### [Exercise directions]
Quote only the lines that start at the line with "this 1600×1200 image." and run to the end of the entries; omit the pictures.
※
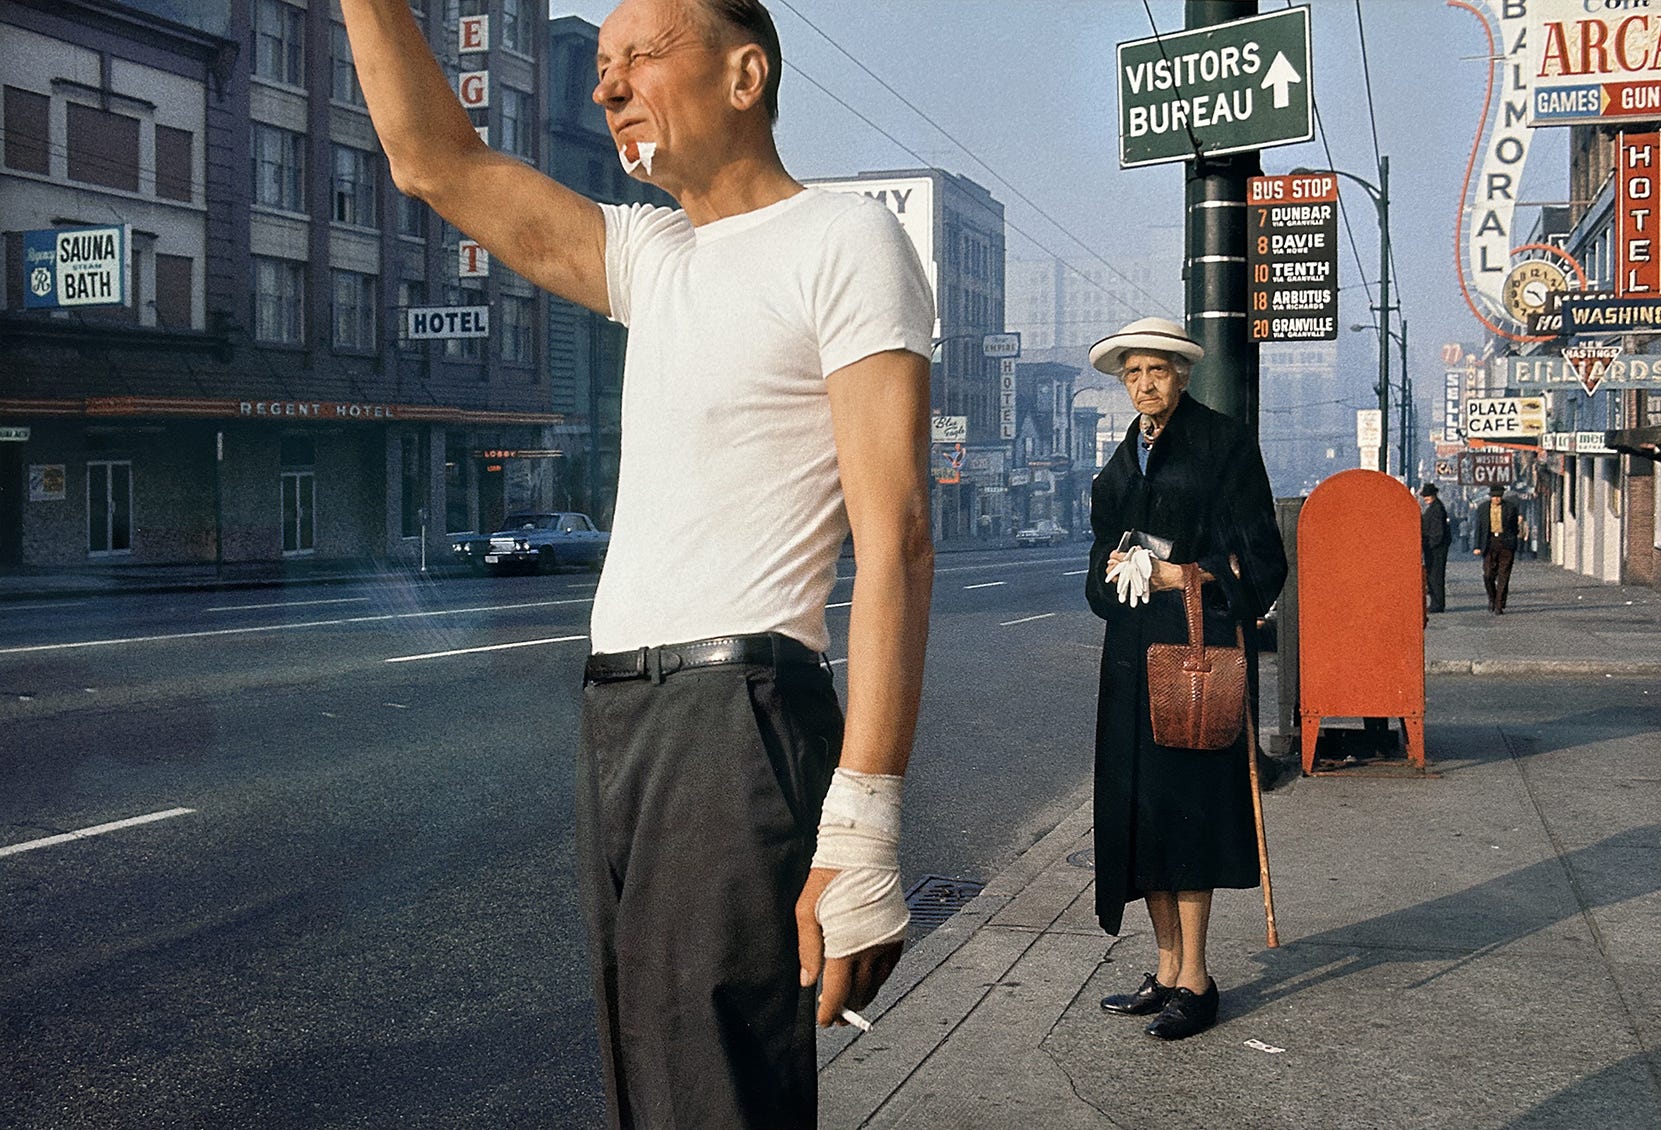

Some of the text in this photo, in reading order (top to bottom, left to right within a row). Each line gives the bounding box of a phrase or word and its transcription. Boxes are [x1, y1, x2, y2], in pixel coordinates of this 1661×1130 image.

[1126, 42, 1261, 94] VISITORS
[1537, 90, 1599, 112] GAMES
[1129, 88, 1253, 137] BUREAU
[1252, 178, 1332, 200] BUS STOP
[1258, 205, 1331, 227] 7 DUNBAR
[1629, 145, 1651, 293] HOTEL
[60, 234, 116, 263] SAUNA
[1257, 233, 1325, 254] 8 DAVIE
[1254, 262, 1330, 283] 10 TENTH
[65, 271, 112, 299] BATH
[1253, 290, 1331, 310] 18 ARBUTUS
[414, 312, 486, 333] HOTEL
[1253, 318, 1333, 338] 20 GRANVILLE
[1565, 348, 1619, 359] HASTINGS
[1579, 340, 1605, 348] NEW
[240, 402, 393, 417] REGENT HOTEL
[1003, 360, 1012, 438] HOTEL
[1469, 402, 1519, 415] PLAZA
[933, 417, 957, 429] Blue
[1469, 418, 1520, 432] CAFE
[484, 450, 517, 458] LOBBY
[1475, 455, 1510, 464] WESTERN
[1475, 465, 1510, 483] GYM
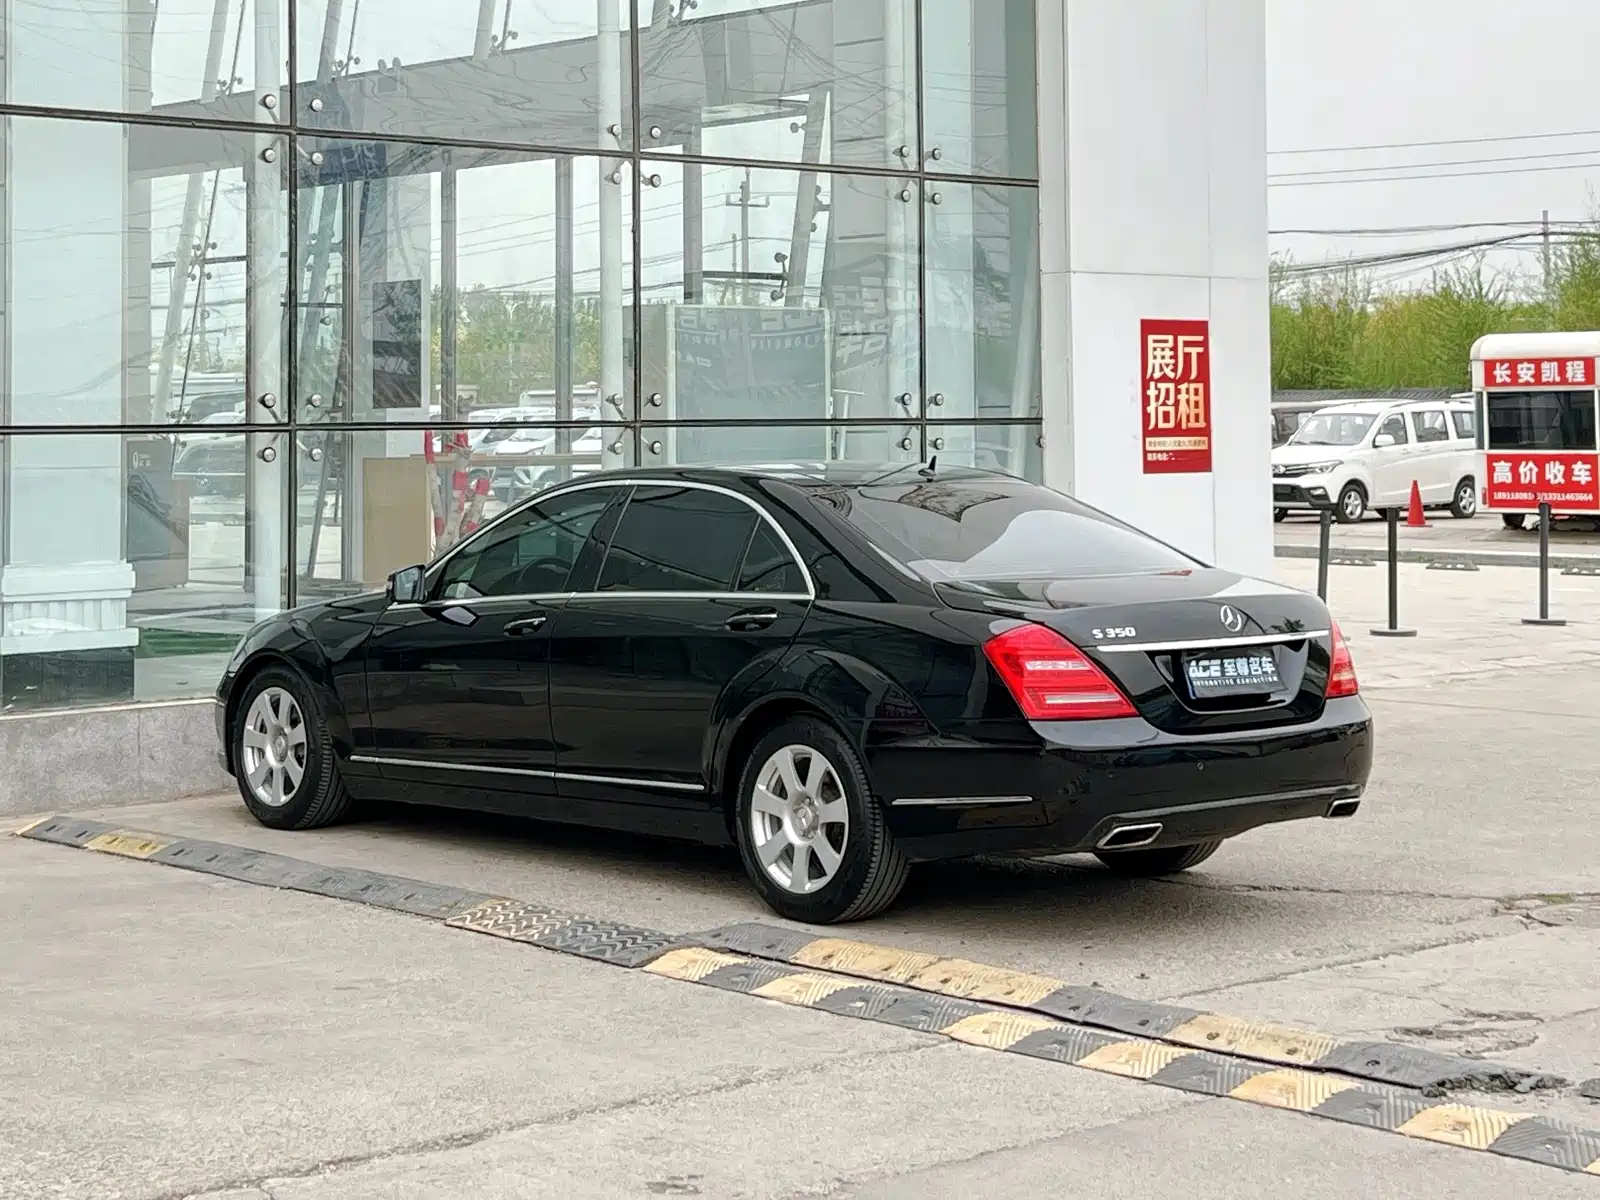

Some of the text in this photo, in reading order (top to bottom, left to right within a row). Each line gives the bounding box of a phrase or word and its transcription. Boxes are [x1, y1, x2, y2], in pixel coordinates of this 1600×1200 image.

[1146, 334, 1204, 380] 展厅
[1493, 360, 1586, 383] 长安凯程
[1146, 381, 1207, 430] 招租
[1492, 460, 1593, 485] 高价收车
[1091, 626, 1136, 639] S 350
[1188, 656, 1276, 678] ACE 至尊名车
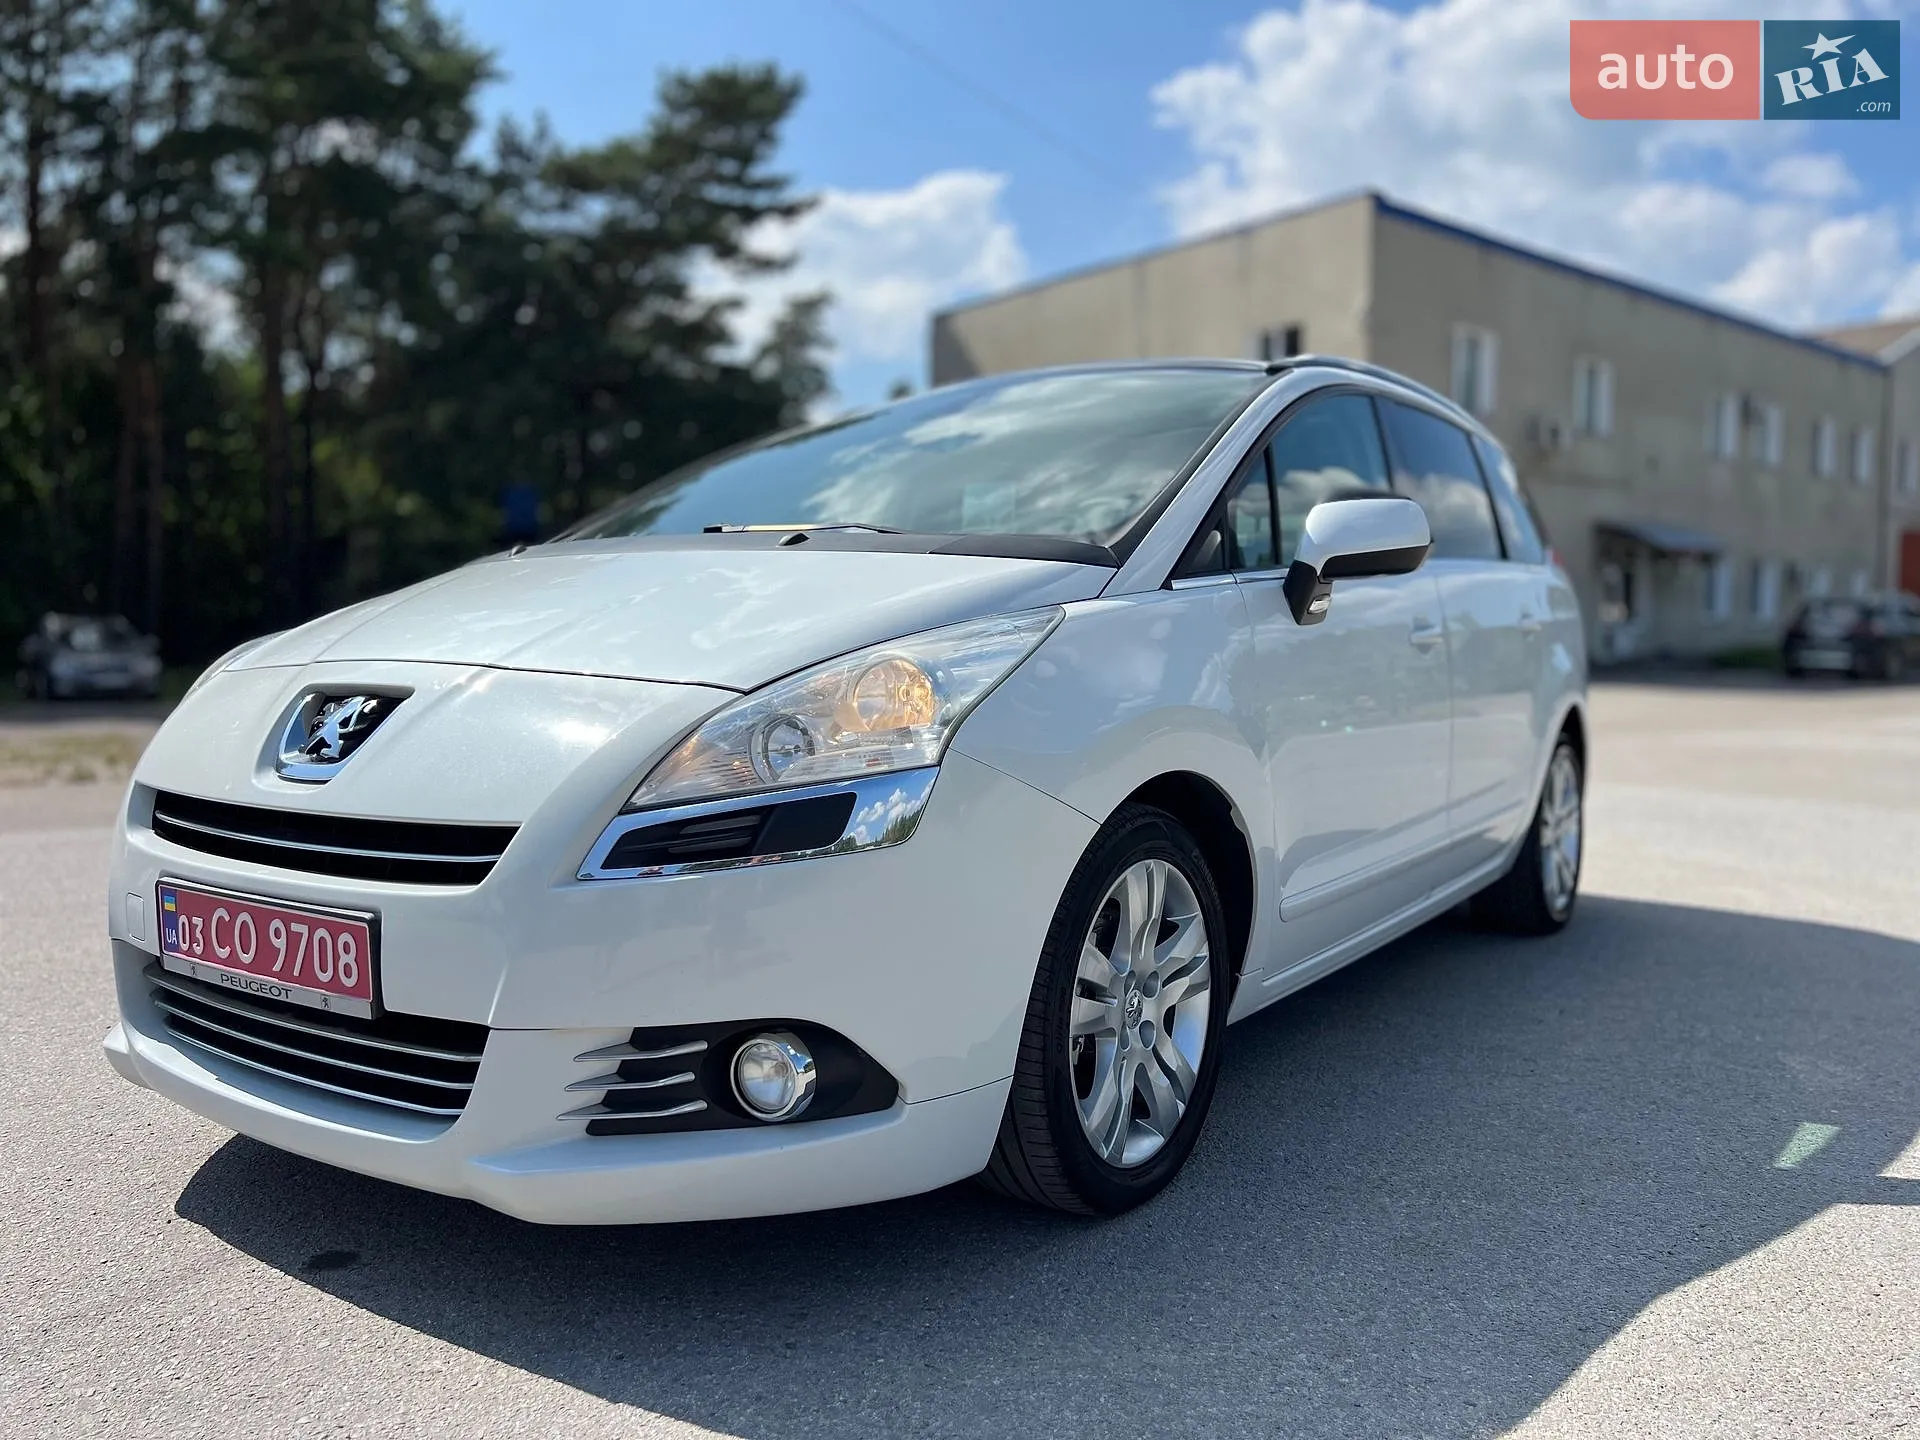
※
### [Worked solution]
Some of the text in this photo, in reading order (top to bottom, left to right within a row). Each line gives the bounding box of a phrase or word and its transcription. Boxes are [x1, y1, x2, y2], in pixel coordinates of this 1600×1200 image.

[1146, 334, 1204, 380] 展厅
[1493, 360, 1586, 383] 长安凯程
[1146, 381, 1207, 430] 招租
[1492, 460, 1593, 485] 高价收车
[1091, 626, 1136, 639] S 350
[1188, 656, 1276, 678] ACE 至尊名车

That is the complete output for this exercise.